Wildlife volunteers get to grips with amphibians

volunteers surveying amphibians at night
14 March 2014

Last weekend, our amphibian and reptile training course gave our volunteer Wildlife Champions in Scotland not only the opportunity to learn about the common characteristics, habitats and behaviour of those species found in Scotland, but also the chance to put their wellies on and take part in an amphibian survey after dark.

Our biodiversity project, Greener Greenways, is now well underway in Scotland and to date we have recruited over 50 volunteer Wildlife Champions across the country. 

It’s hard to put into words how great it made me feel. I am so glad I signed up for this project.

- Wildlife Champion
These volunteers have been assigned a mile-long stretch each of our traffic-free routes, and have been undertaking wildlife surveys on them. 91 surveys have been undertaken in Scotland since the start of January 2014!
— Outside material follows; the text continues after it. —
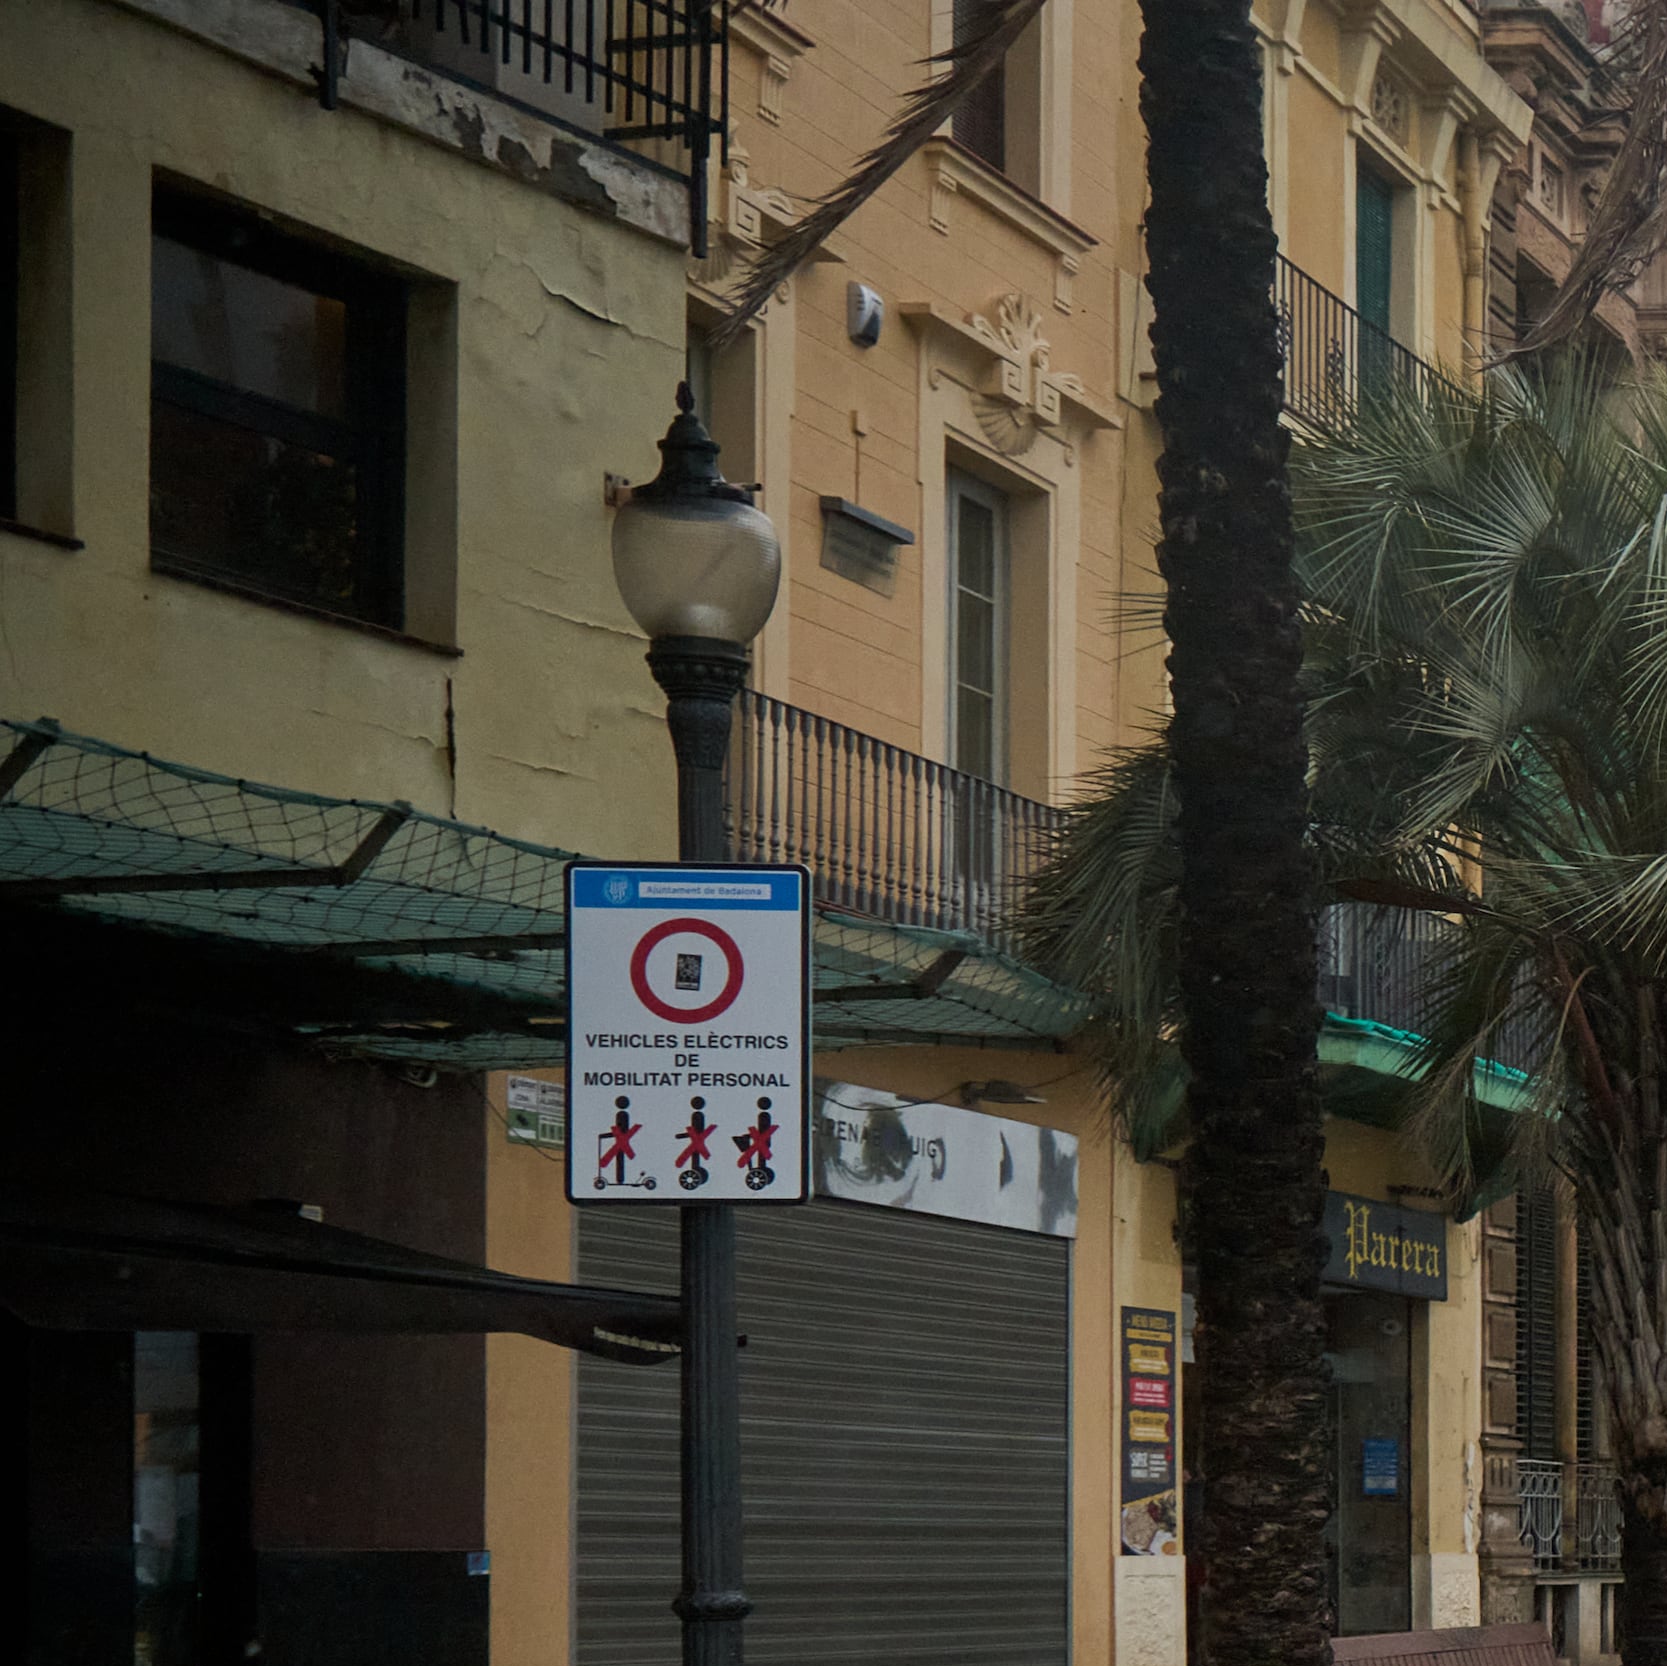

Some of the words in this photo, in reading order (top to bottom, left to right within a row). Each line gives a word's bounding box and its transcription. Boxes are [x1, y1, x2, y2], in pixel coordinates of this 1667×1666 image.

Wildlife Champions have access to regular training. In Scotland, seven wildlife training sessions have been delivered so far either by our Greener Greenways Ecologist, Lenka, or in conjunction with partner organisations, Kinross Ecology, Peak Ecology and Amphibians & Reptiles Conservation Trust (ARCT). They provide the volunteers with the necessary skills to survey their greenways.

Guided by Pete Minting from ARCT and Lenka, the Scottish Wildlife Champions found over 40 great crested newts, as well as palmate newts and smooth newts, as they migrate from their winter hibernation sites to the ponds to breed.

Great crested newts are a European Protected Species and a GCN licence from Scottish Natural Heritage is needed to handle or otherwise disturb them – Pete and Lenka both hold this licence, so the volunteers were able to get unusually close.

Our Wildlife Champions are now excited about getting out with their torches, with 19 surveys expected to take place over a range of routes from Dumfries & Galloway to Midlothian, and the results submitted over our online recording system.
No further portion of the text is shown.